Friday, June 19, 2015

Edgar Degas (19 July 1834 – 27 September 1917)

Edgar Degas was an important founder of and contributor to Impressionism. Like many Impressionists, he liked to paint scenes of modern life.

He fascinated with everyday people going about their lives.

Edgar Degas was born in Paris as Hilaire-Germain-Edgar, but everyone called him Edgar.

When Edgar was 11 years old, his parent sent him to one of the best-known school. After he finished school, in 1853, Degas entered law school. Instead of studying law however, Degas went to the Louvre Museum and copied famous paintings.

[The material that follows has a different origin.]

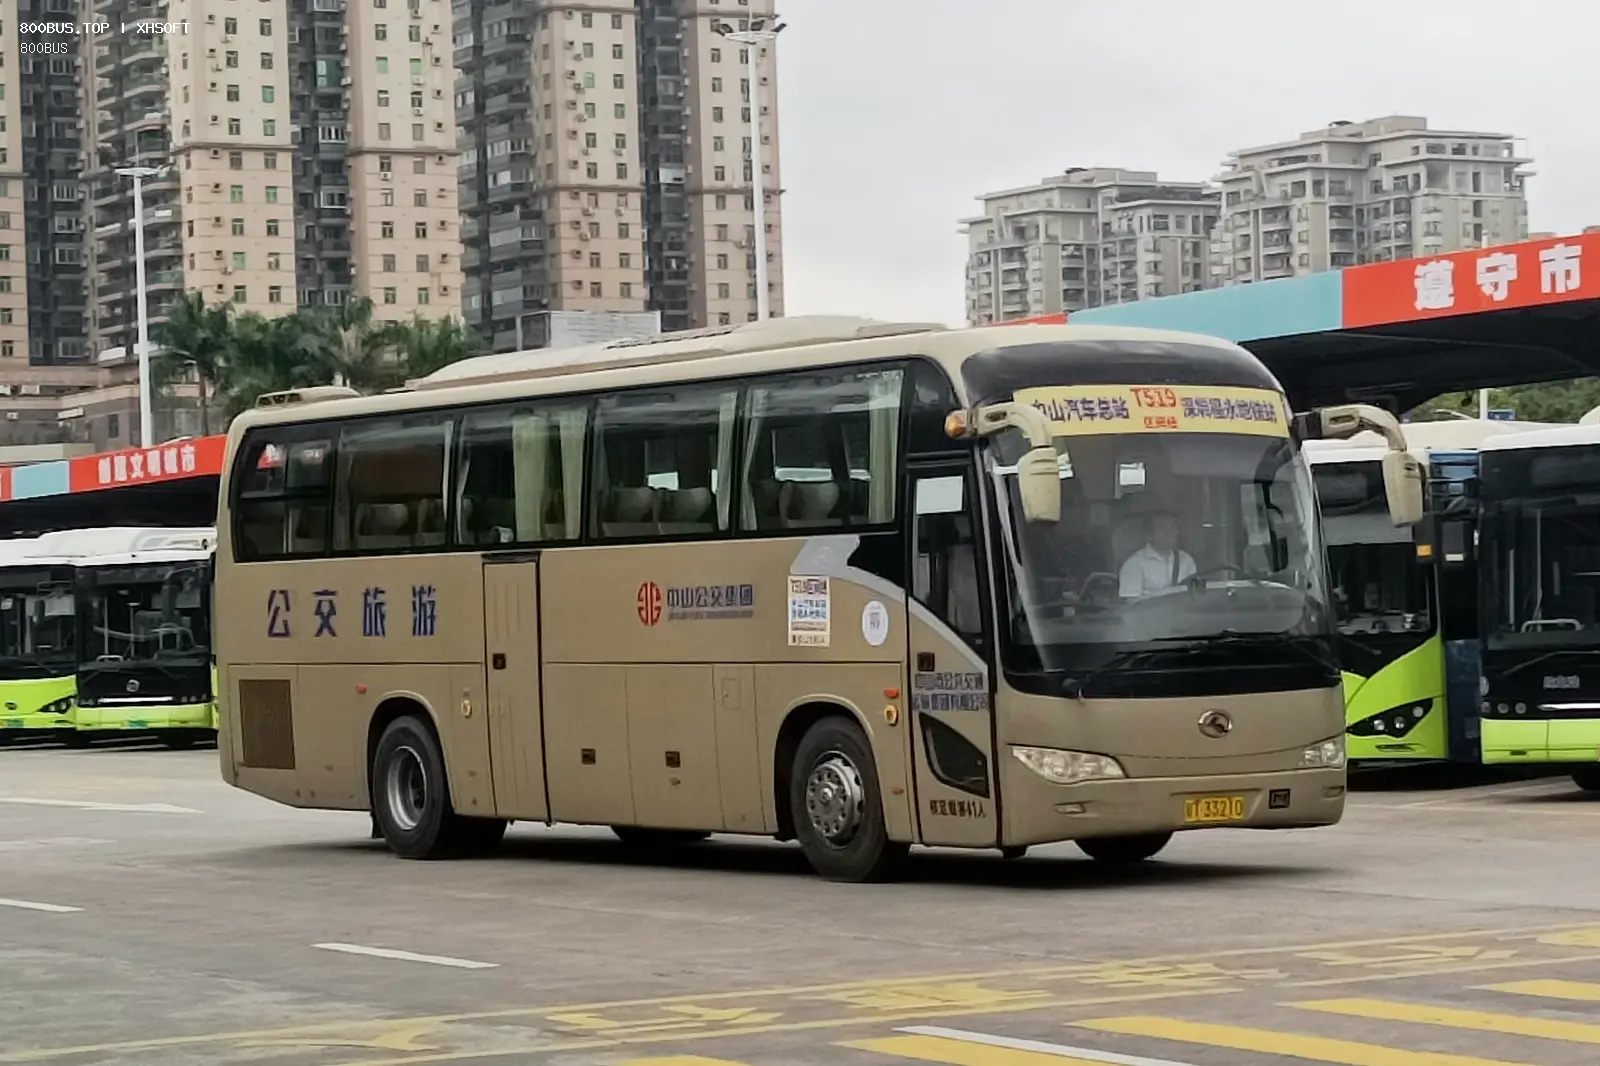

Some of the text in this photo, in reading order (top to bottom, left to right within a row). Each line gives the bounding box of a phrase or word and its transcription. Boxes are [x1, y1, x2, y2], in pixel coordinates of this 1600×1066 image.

[1130, 388, 1177, 408] T519
[667, 584, 754, 609] 中山公交集团
[267, 584, 437, 638] 公交旅游

Degas studied painting for several months in 1854 at Paris’s School of Fine Arts.
In 1855, Degas met the French painter Jean-August Dominique Ingres. Ingres believed drawing skills were important in painting. He told Degas to practice drawing, which Degas did for the rest of his life.

His work reflects early experimentations with capturing movement and light, inspired by new breakthroughs in photography and attitudes towards capturing realism through art.

In 1872, Degas traveled to New Orleans to visit his American relatives. While visiting the family’s cotton plantation, he decided to paint The Cotton Exchange at New Orleans (1873).

Degas completed A Woman Ironing in 1873. At that time, working in a kitchen or laundry was considered menial work.